> RECORDS FOR PROCESSING
· · · · · · ·
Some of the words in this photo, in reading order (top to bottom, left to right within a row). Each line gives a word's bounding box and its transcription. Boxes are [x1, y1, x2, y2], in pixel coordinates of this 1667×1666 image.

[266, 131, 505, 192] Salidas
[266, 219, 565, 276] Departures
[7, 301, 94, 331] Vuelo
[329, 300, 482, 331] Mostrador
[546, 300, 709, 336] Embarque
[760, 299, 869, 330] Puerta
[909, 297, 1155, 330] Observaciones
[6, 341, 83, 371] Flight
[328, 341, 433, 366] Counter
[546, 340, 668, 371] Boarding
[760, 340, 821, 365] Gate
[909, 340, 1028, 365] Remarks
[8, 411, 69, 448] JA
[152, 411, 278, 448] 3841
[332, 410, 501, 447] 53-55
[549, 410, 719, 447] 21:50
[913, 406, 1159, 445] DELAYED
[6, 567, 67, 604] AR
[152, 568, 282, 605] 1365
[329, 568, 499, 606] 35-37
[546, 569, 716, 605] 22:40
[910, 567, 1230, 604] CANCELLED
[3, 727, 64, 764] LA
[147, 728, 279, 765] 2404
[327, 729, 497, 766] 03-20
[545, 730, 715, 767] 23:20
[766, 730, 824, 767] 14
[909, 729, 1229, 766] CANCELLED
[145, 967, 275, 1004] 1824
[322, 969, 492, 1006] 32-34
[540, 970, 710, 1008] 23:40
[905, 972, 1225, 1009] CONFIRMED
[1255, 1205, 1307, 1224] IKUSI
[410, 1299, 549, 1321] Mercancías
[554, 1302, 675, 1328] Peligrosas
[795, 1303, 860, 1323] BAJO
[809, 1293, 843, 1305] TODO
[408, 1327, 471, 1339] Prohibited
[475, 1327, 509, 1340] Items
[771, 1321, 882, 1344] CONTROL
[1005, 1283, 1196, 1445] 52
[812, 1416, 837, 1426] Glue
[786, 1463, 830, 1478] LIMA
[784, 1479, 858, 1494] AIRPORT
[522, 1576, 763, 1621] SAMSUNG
· · · · · · ·
> GOAL OF THE EXERCISE
Please show every line of the records that holds the word "CANCELLED".

> ANSWER FOR THIS EXERCISE
[910, 567, 1230, 604] CANCELLED
[909, 729, 1229, 766] CANCELLED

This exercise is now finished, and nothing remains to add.